Exercise details: A word-for-word copy of the records is needed, with every picture left out.

╭─ Material supplied

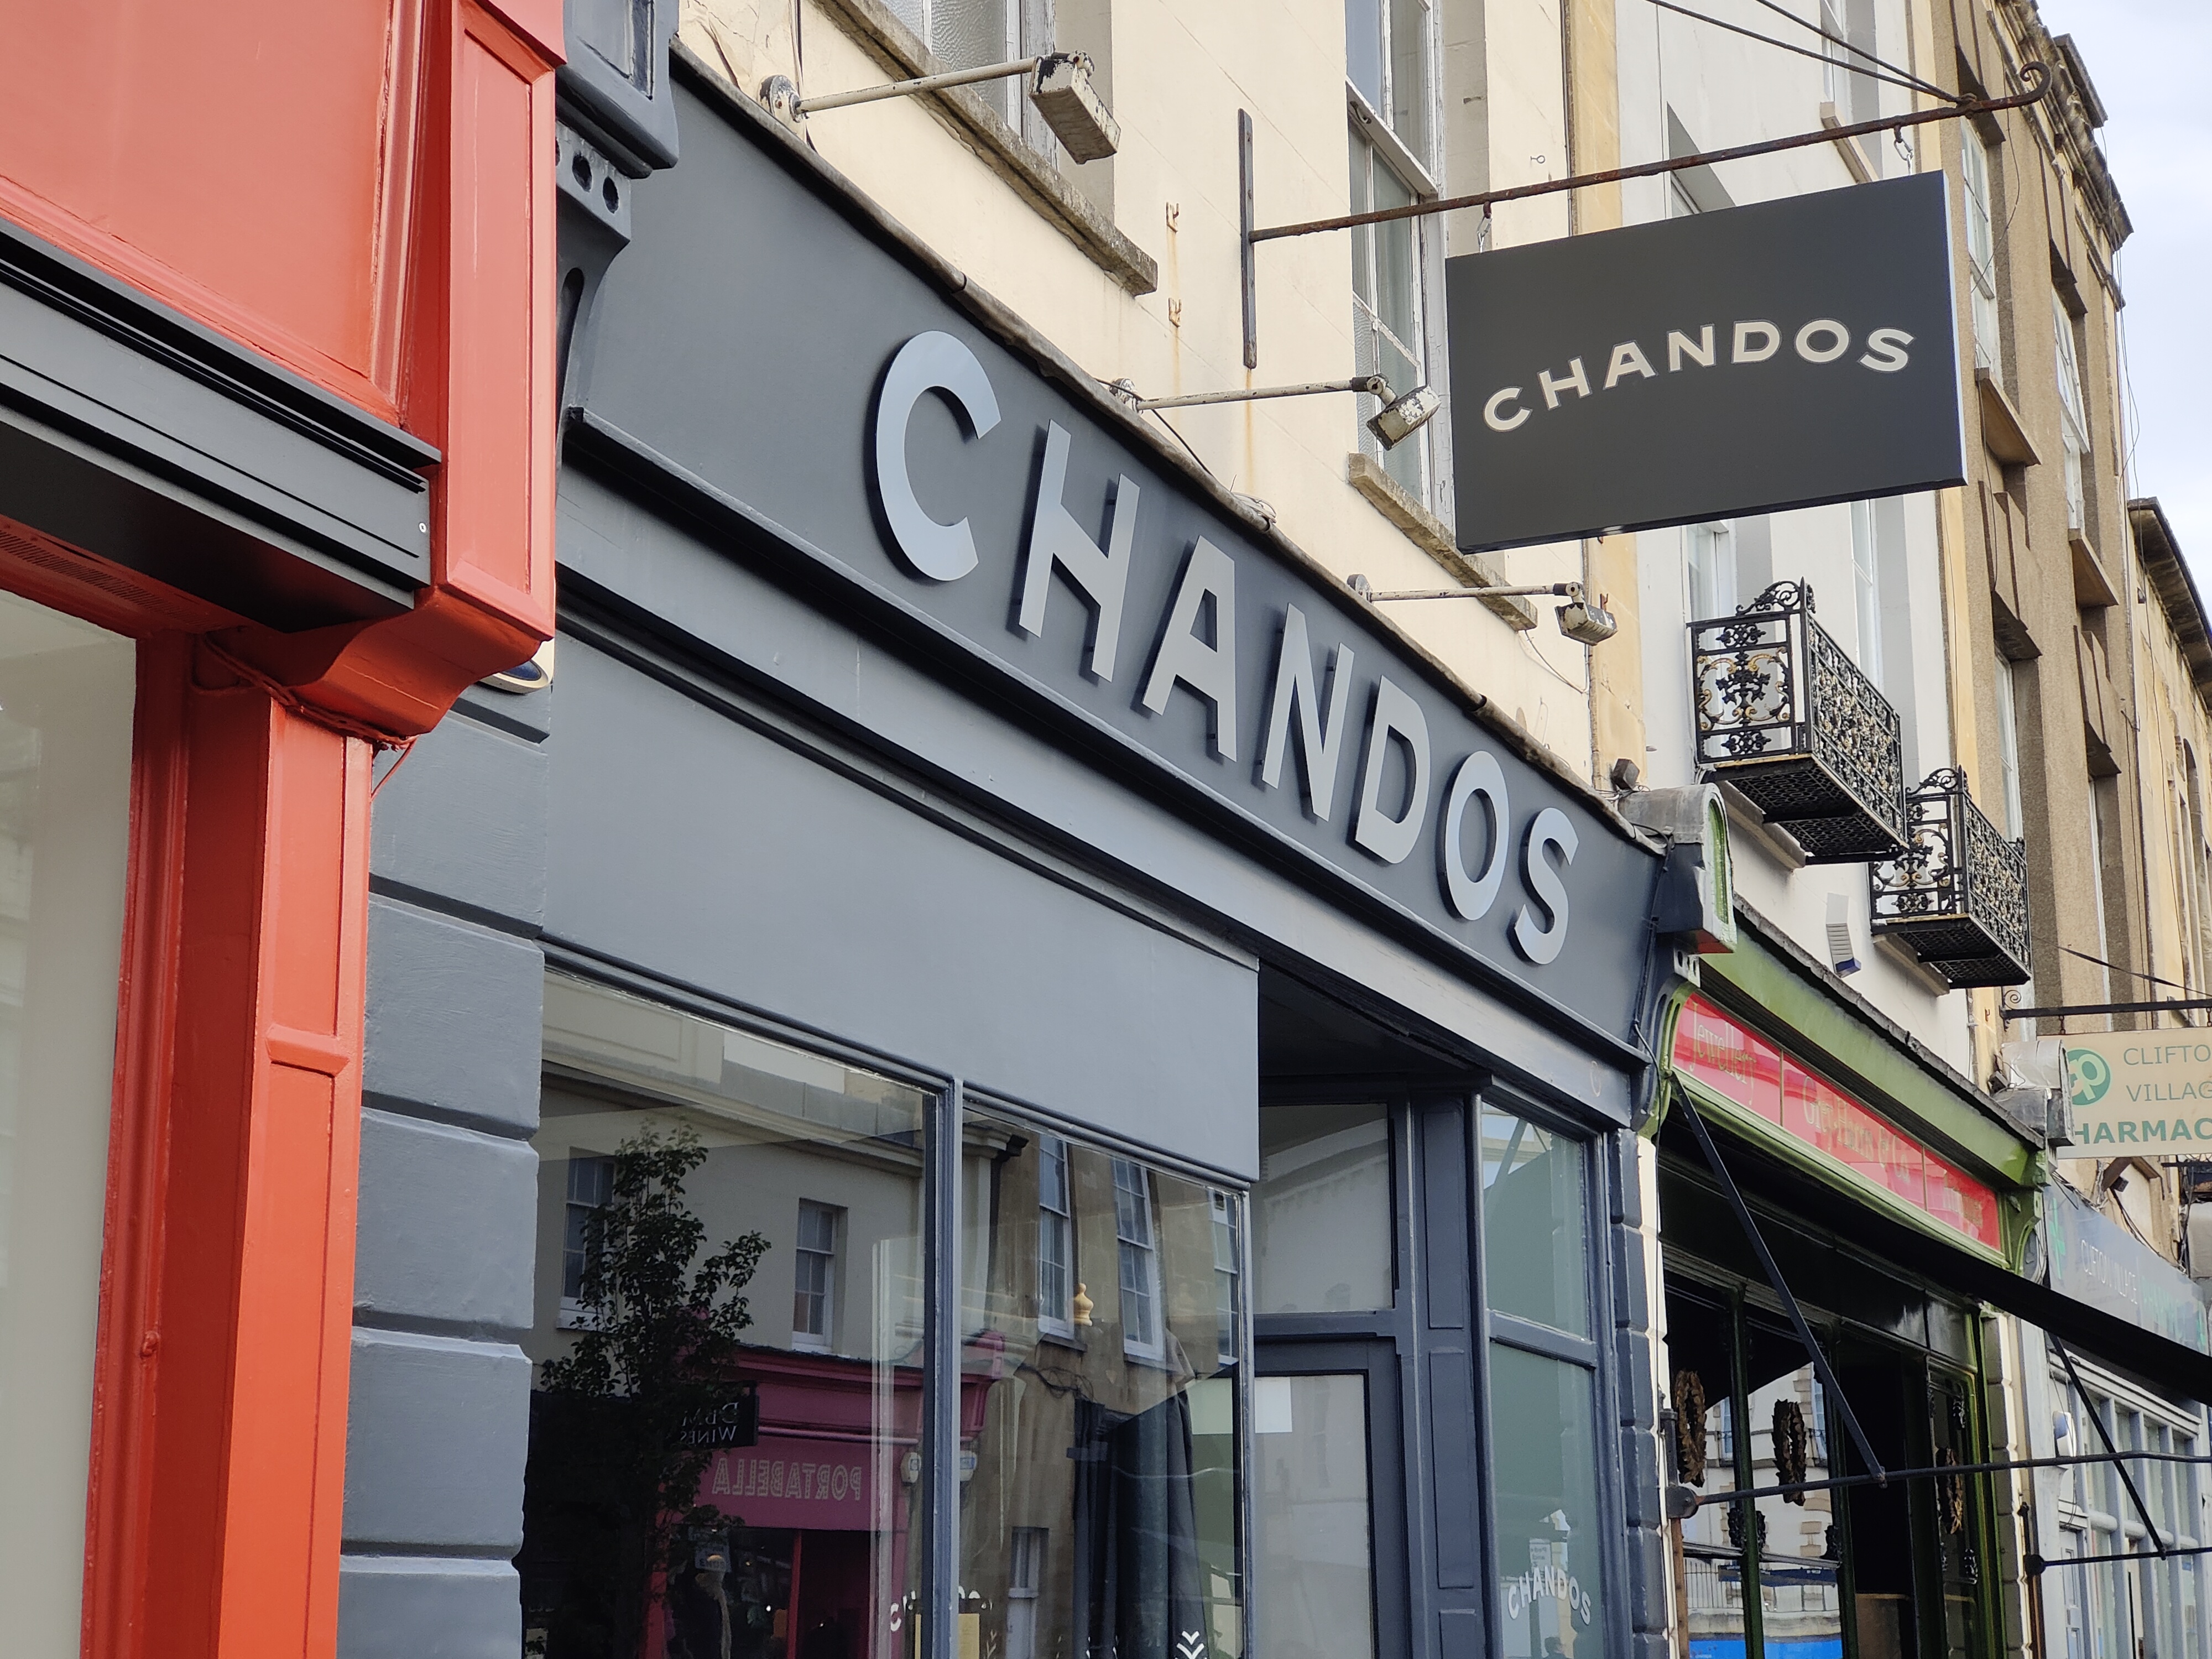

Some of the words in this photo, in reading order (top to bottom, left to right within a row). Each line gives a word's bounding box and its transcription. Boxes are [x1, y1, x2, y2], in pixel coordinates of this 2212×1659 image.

[1483, 317, 1916, 432] CHANDOS
[875, 330, 1579, 964] CHANDOS
[1689, 1001, 1757, 1106] Jewellery
[2124, 1044, 2211, 1066] CLIFTO
[2126, 1081, 2212, 1102] VILLAG
[1507, 1565, 1591, 1625] CHANDOS
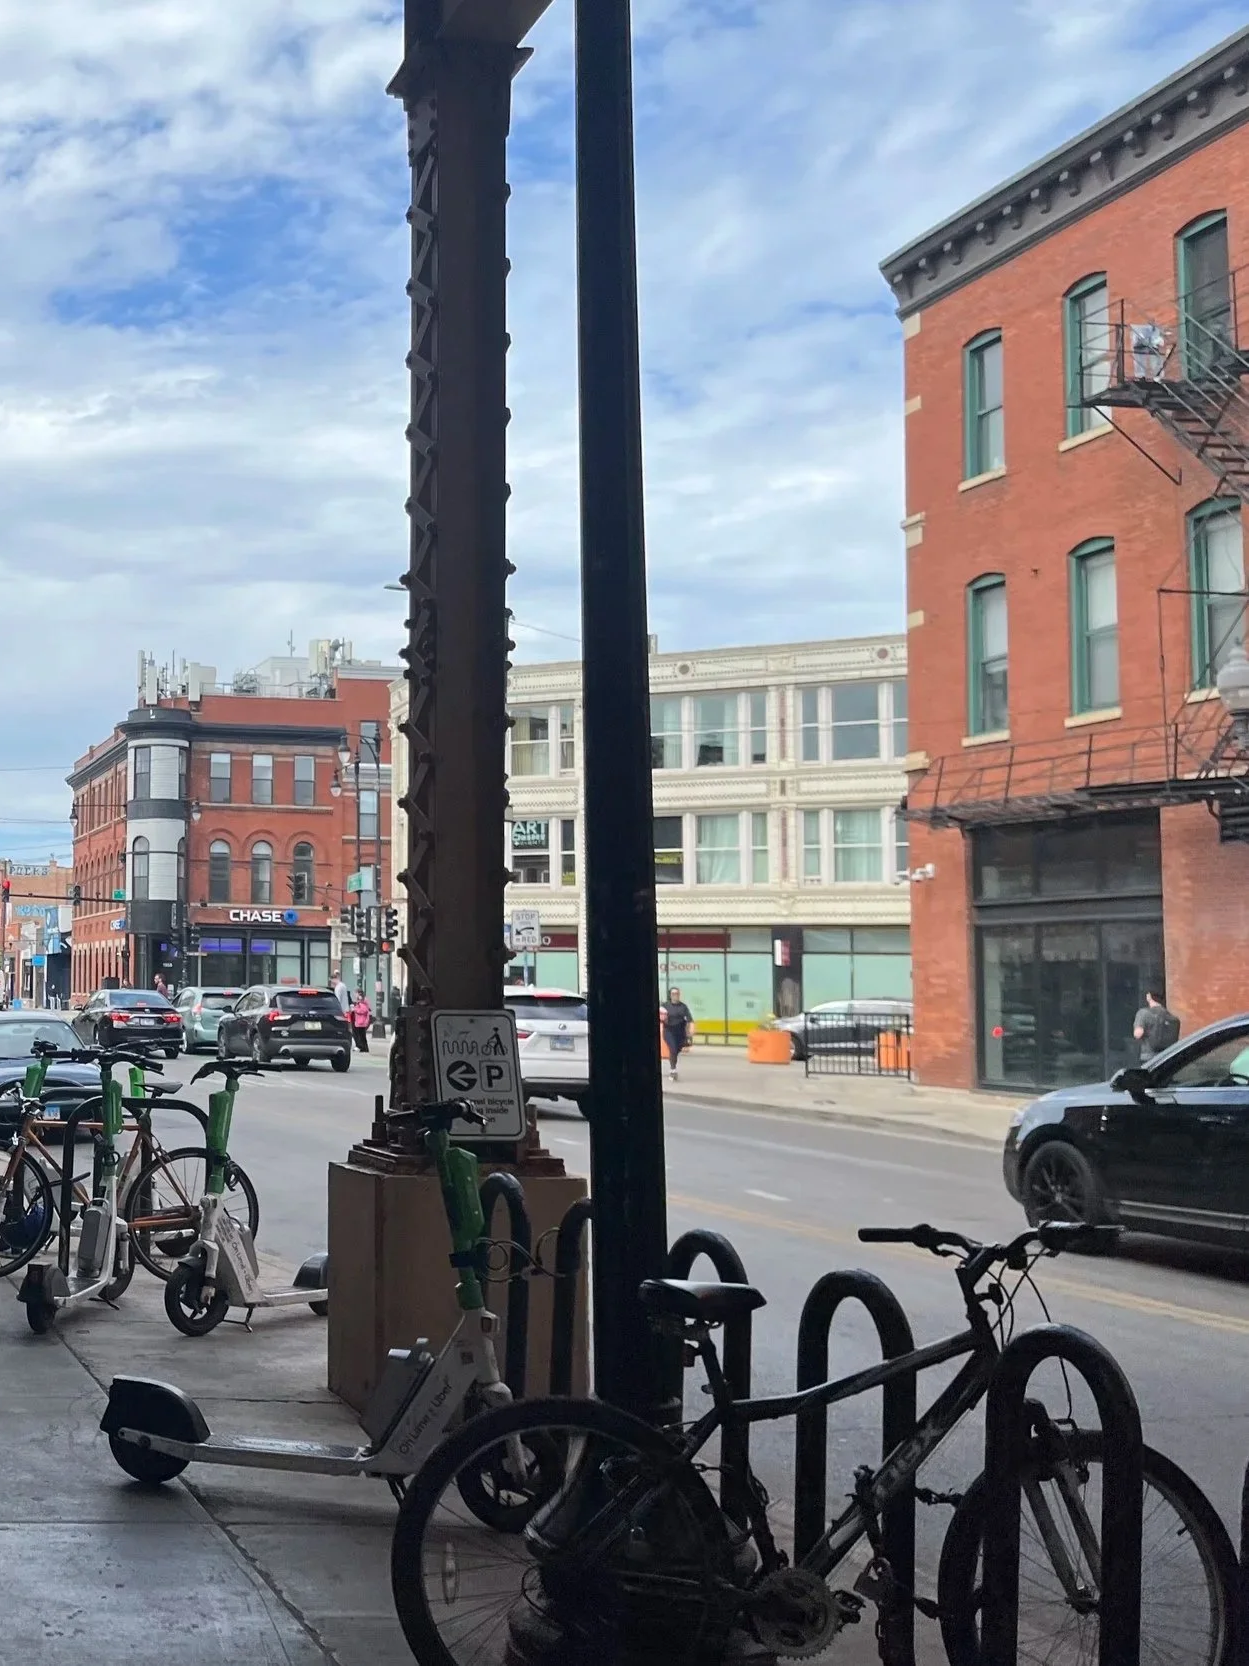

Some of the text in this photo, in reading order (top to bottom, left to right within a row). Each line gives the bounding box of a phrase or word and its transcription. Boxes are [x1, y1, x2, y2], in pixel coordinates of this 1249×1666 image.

[512, 821, 548, 834] ART
[229, 909, 282, 923] CHASE
[522, 935, 537, 944] RED
[668, 961, 701, 972] Soon
[485, 1065, 504, 1088] P
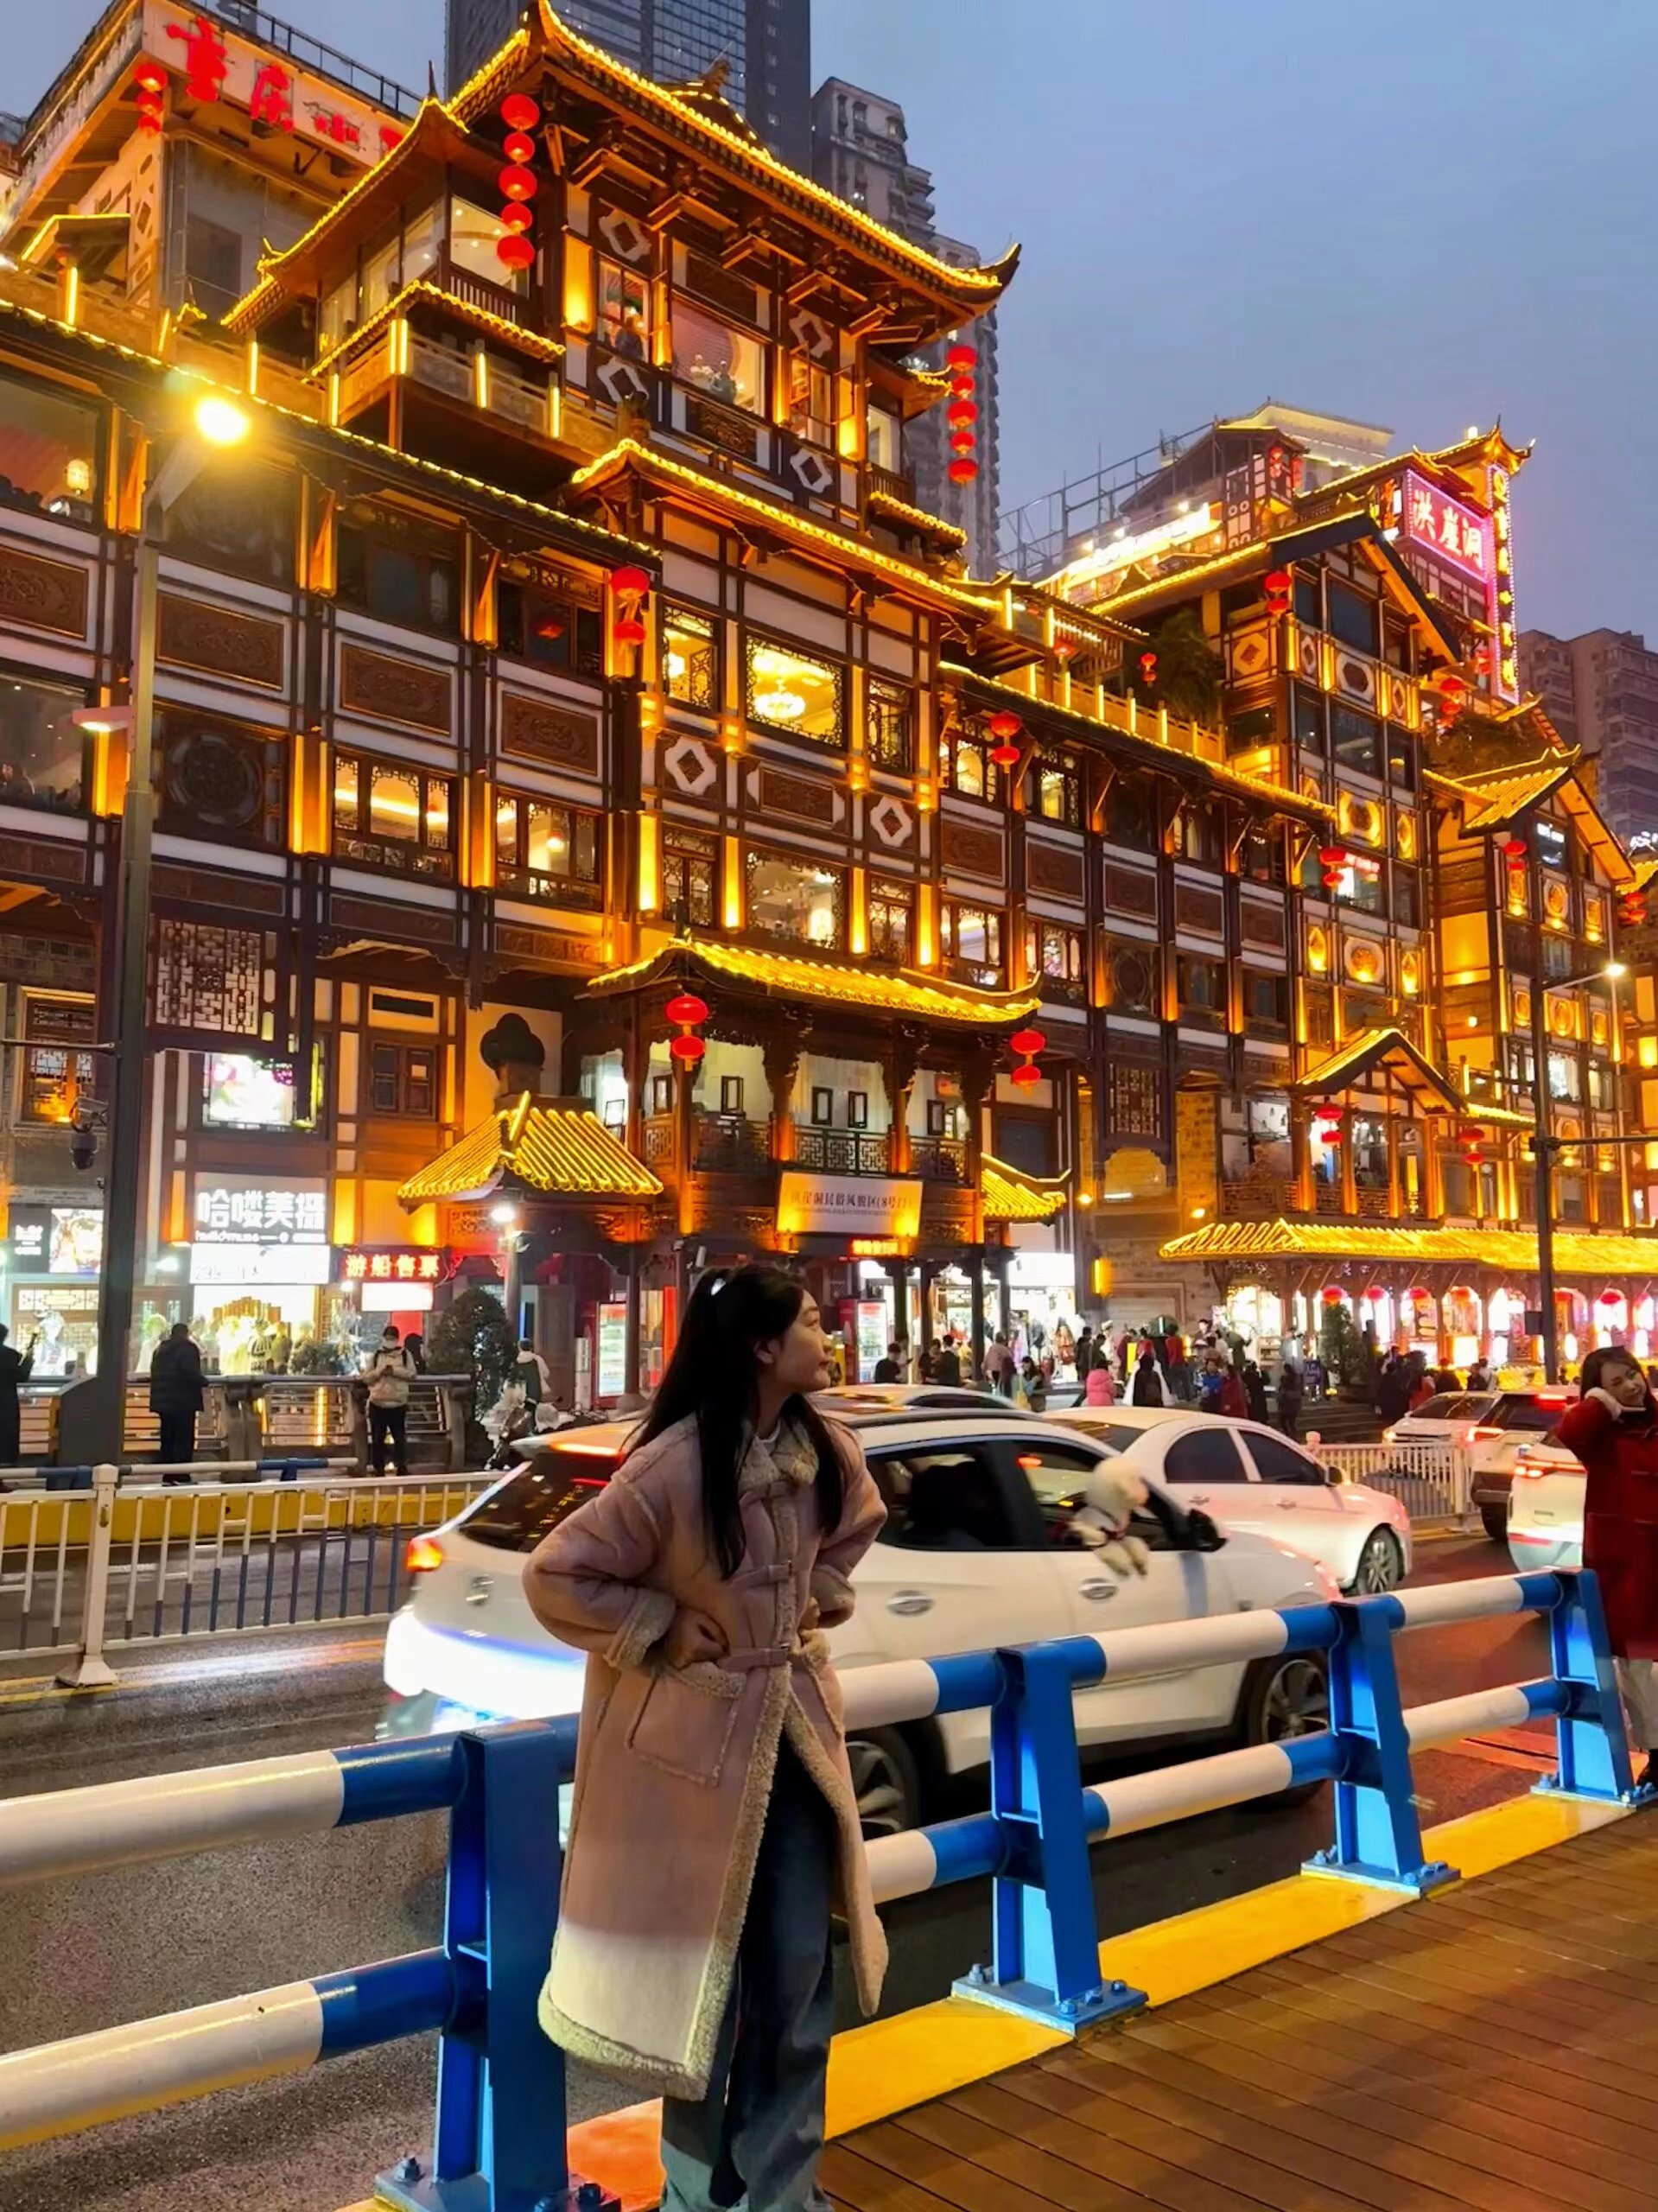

╰─

Response to the exercise:
Some of the words in this photo, in reading order (top to bottom, left to right within a row). Each line gives a word's bounding box and its transcription. Boxes are [x1, y1, x2, y2], in pixel coordinates of this 2212×1659 image.

[1483, 317, 1916, 432] CHANDOS
[875, 330, 1579, 964] CHANDOS
[1689, 1001, 1757, 1106] Jewellery
[2124, 1044, 2211, 1066] CLIFTO
[2126, 1081, 2212, 1102] VILLAG
[1507, 1565, 1591, 1625] CHANDOS

Some of the text in this photo, in reading order (top to bottom, left to right within a row). Each line gives the bounding box of a phrase or word and its transcription. Boxes are [x1, y1, x2, y2], in pixel coordinates of this 1249×1666 image.

[512, 821, 548, 834] ART
[229, 909, 282, 923] CHASE
[522, 935, 537, 944] RED
[668, 961, 701, 972] Soon
[485, 1065, 504, 1088] P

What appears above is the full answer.